# Verifying turns ratios on an OT by measuring AC signals thru the amp

Discussion in 'Amp Tech Center' started by peteb, Dec 7, 2017 at 11:27 AM.

1. ### petebFriend of Leo's

Apr 25, 2003
I have looked into the impedance ratio of an OT before and it's function, and probably forgotten what I learned because I had no practical application of it.

Now more recently I have been looking at the AC signal size as it progresses through the amp, it is interesting and I've learned a lot and now want to complete my measurements in the last place, around the OT, and at the same time see if I can verify the impedance ratio, turns ratio, voltage ratio in the theory of audio transformers.

I'm going to do the impedance ratios calculations, and measure the signal voltage on both sides of the OT.

Where to measure these voltages?

On the output side the place to measure the signal voltage is the speaker terminals. On the input side the two choices are to measure the signal voltage at the plate, or accross the OT primary.
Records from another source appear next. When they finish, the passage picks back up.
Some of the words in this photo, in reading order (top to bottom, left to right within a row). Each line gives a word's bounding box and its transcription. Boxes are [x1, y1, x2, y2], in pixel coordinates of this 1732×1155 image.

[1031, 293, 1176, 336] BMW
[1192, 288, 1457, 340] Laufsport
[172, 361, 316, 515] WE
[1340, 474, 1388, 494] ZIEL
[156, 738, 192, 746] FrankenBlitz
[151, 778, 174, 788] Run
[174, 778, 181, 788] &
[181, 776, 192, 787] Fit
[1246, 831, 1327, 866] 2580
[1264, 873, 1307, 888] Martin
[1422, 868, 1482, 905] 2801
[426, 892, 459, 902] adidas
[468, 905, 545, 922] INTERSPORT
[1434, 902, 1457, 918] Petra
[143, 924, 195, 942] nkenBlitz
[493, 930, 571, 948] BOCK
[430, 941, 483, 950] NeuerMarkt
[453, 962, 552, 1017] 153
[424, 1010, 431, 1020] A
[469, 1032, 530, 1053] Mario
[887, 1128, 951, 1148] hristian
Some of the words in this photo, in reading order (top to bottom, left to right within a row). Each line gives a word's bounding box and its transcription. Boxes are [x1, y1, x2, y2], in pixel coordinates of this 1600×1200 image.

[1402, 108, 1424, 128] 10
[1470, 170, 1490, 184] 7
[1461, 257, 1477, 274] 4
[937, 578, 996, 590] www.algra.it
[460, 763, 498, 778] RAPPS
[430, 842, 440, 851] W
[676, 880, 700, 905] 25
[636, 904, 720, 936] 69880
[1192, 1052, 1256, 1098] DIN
I will try both ways and see which provides the better results.

I just had the best spell check fix: I thought I typed measure and it turned into misjudge.

2. ### petebFriend of Leo's

Apr 25, 2003
The impedance ratio calculation for a push pull 6V6 amp driving an 8 ohm speaker:

Plate to plate load resistance from the tube spec sheets for a pair of 6V6 output tubes is 8,000 ohms

This, I take it is measured across both OT primaries in series, from plate to plate.

I want to point out that the tube Spec Sheets call this a resistance even though it is an impedance to the AC signal.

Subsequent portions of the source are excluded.